Unfortunately, the author doesn’t explore how that singular fact defined the man’s private and professional life? Or how he reconciled himself with this conflict? After a lifetime of easy and early success, how did he face failure? And was he affected by his lack of relevance?
All in all, Carl comes across as the kind of guy who is destined to play a supporting role in his own life. His early years are dominated by his father, his adolescence by his oldest brother, and his latter years (he died at 53) by problems with the band, his marriage, his brothers cracking up or dying, and finally with his own bout with drugs and alcohol. Even so, he’s remembered for being a solid family man, a man of intense conscience, and caretaker to the children his brothers and band mates left behind. Given his background, he was a positive force, but being a standup guy doesn’t always make for dynamic reading.
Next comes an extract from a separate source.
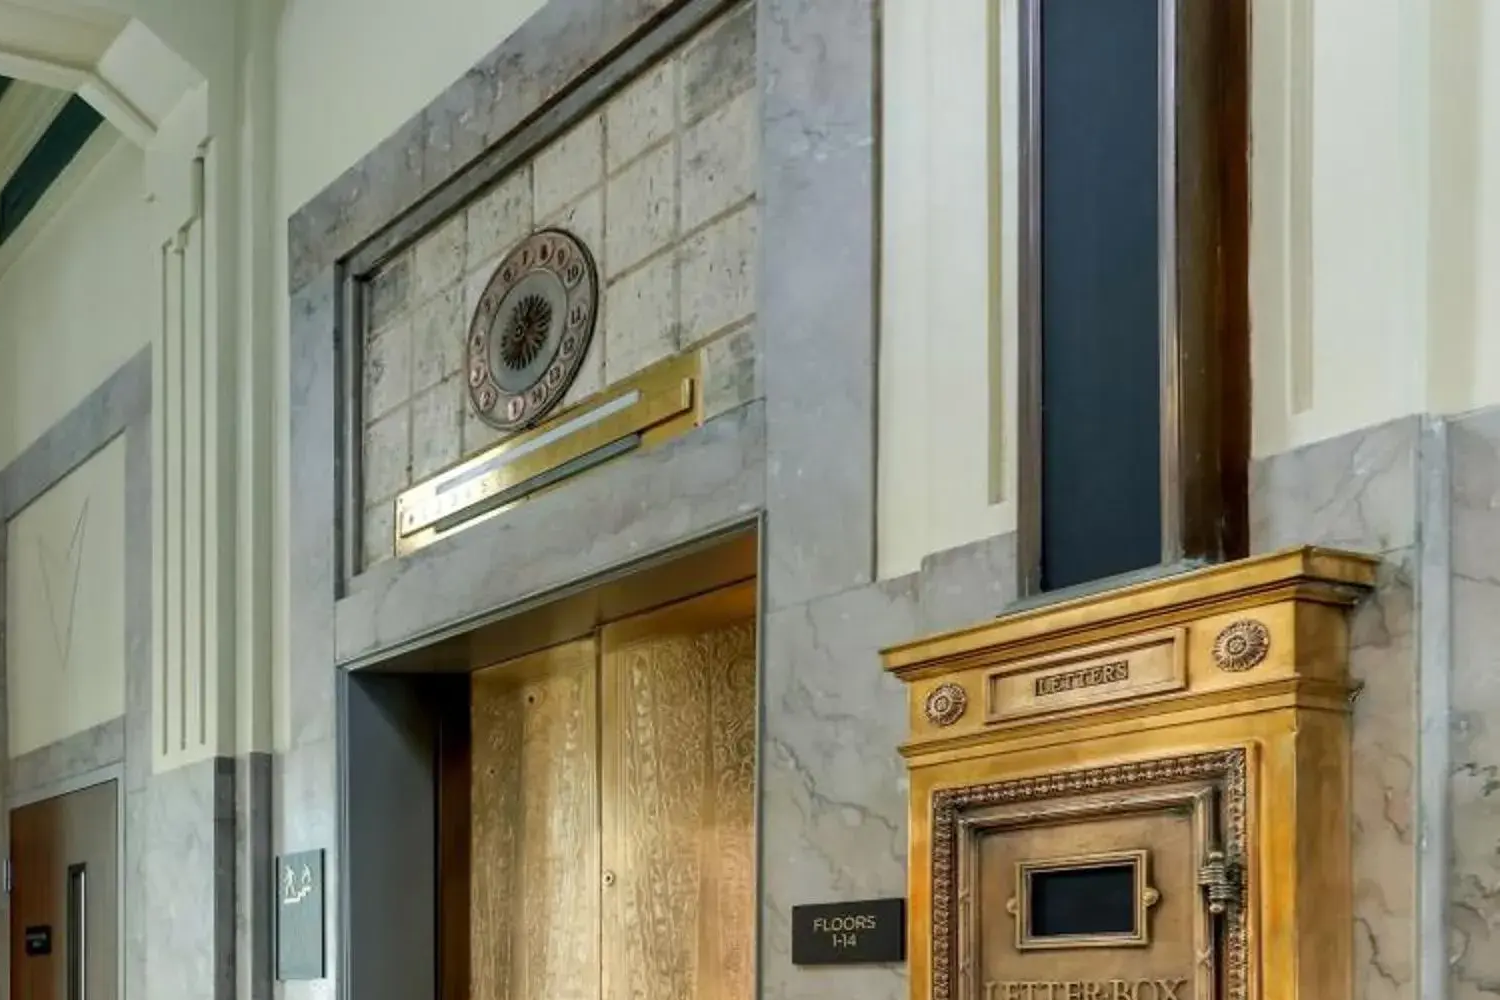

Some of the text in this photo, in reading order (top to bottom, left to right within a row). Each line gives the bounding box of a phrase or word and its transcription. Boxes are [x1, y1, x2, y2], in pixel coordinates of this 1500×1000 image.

[1036, 661, 1129, 696] LETTERS
[813, 915, 877, 933] FLOORS
[832, 933, 858, 948] 1-14
Sadly, Crowley never quite penetrates Wilson’s psyche; never builds an inner life; and never comes close to touching upon his soul (as suggested in the book’s title). It seems that Crowley was so intent on protecting Carl’s place in rock history (or defending the lameness of his and the Beach Boys’ post-1967 output), that the book ends up reading more like a love letter by an adoring fan than an objective account of a potentially interesting man.